She sat down on a praying-cushion, motioning me to the other, and I began my tale. At first she listened with a little air of languor, as if the whole were of slight consequence and she really did not care at all what M. le Comte had been about these five weeks. But as I got into the affair of the Rue Coupejarrets she forgot her indifference and leaned forward with burning cheeks, hanging on my words with eager questions. And when I told her how Lucas had evaded us in the darkness, she cried:
"Blessed Virgin! M. de Mar has enough to contend with in this Lucas, without Paul de Lorraine, and Brie, and the Duke of Mayenne himself."
I was silent, being of her opinion. Presently she asked reluctantly:
"Does your master think this Lucas a tool of M. de Mayenne's?"
"Yes, mademoiselle. He says secretaries do not plot against dukedoms for their own pleasure."
"Asassination was not wont to be my cousin Mayenne's way," she said with an accent of confidence that rang as false as a counterfeit coin. I saw well enough that mademoiselle did fear, at least, Mayenne's guilt. I thought I might tell her a little more.

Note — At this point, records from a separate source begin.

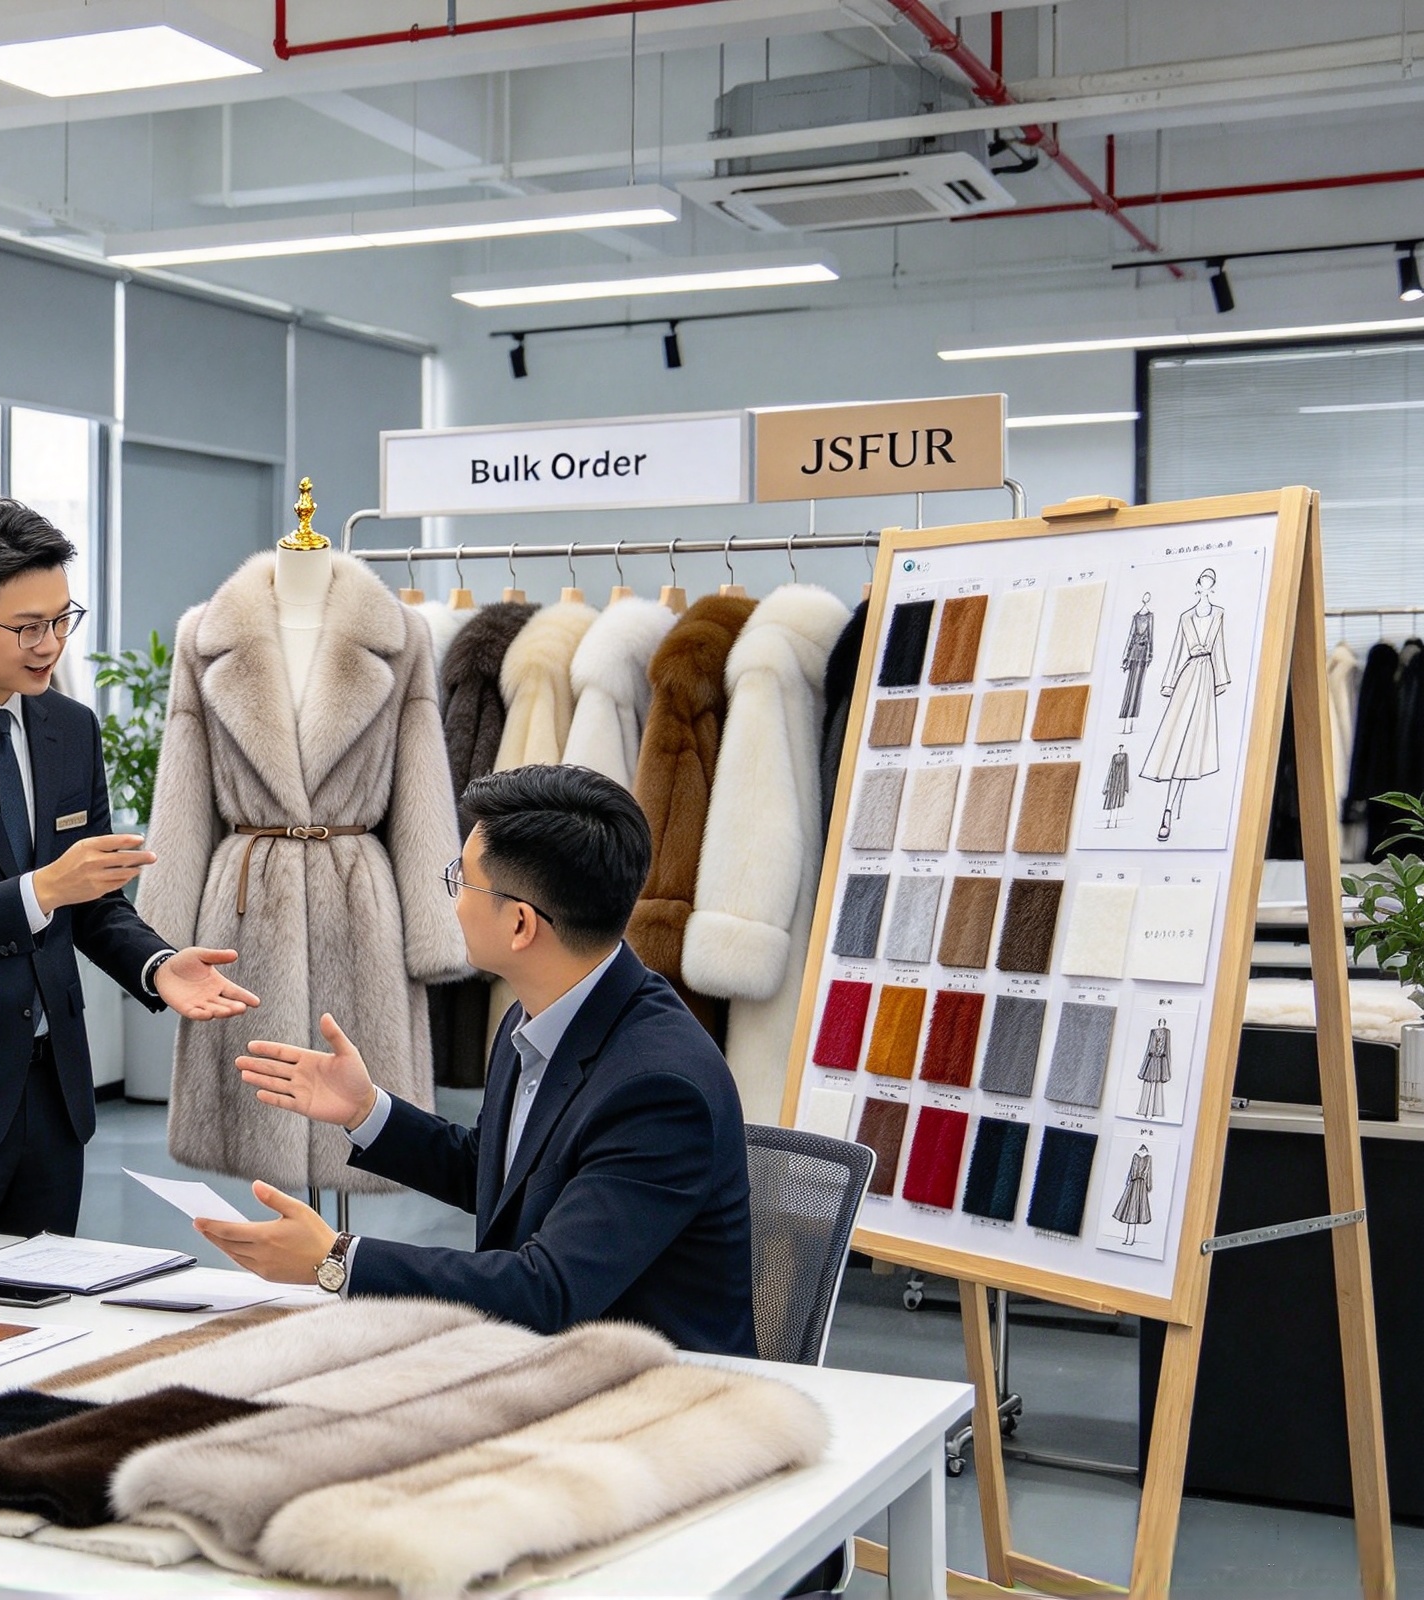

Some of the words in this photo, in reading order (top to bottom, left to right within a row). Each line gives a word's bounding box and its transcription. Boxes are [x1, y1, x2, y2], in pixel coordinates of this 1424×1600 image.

[471, 454, 541, 485] Bulk
[551, 449, 647, 481] Order
[800, 427, 957, 475] JSFUR
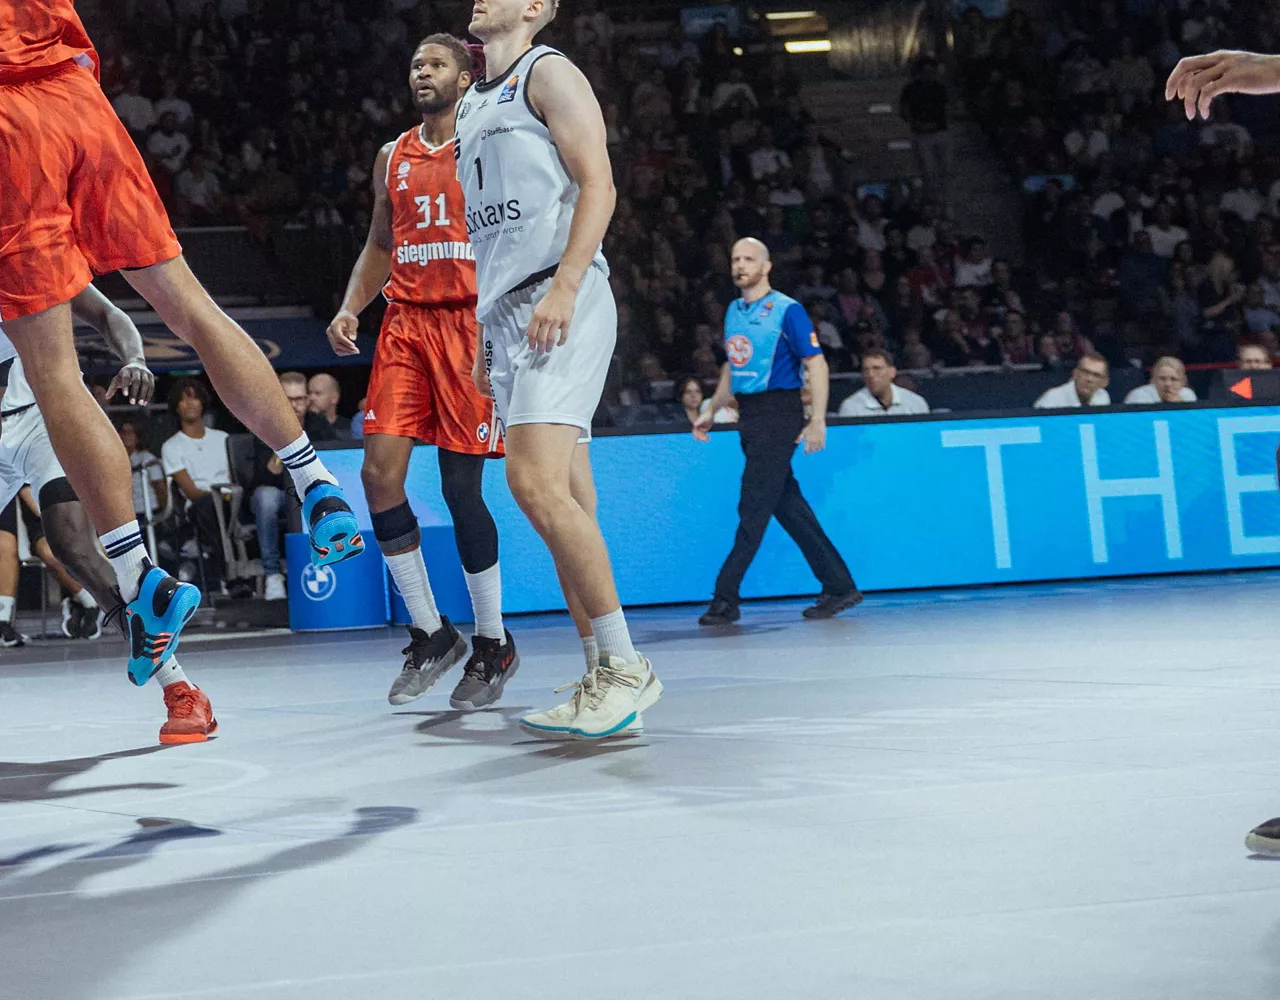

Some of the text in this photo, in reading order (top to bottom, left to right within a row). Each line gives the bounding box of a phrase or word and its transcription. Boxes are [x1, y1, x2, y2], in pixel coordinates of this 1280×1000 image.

[487, 126, 515, 137] Staffbase
[474, 156, 483, 190] 1
[414, 193, 451, 229] 31

"M. le Comte told me that since his father's coming to Paris M. de Mayenne made him offers to join the League, and he refused them. So then M. de Mayenne, seeing himself losing the whole house of St. Quentin, invented this."
"But it failed. Thank God, it failed! And now he will leave Paris. He will—he must!"
"He did mean to seek Navarre's camp to-morrow," I answered; "but—"
"But what?"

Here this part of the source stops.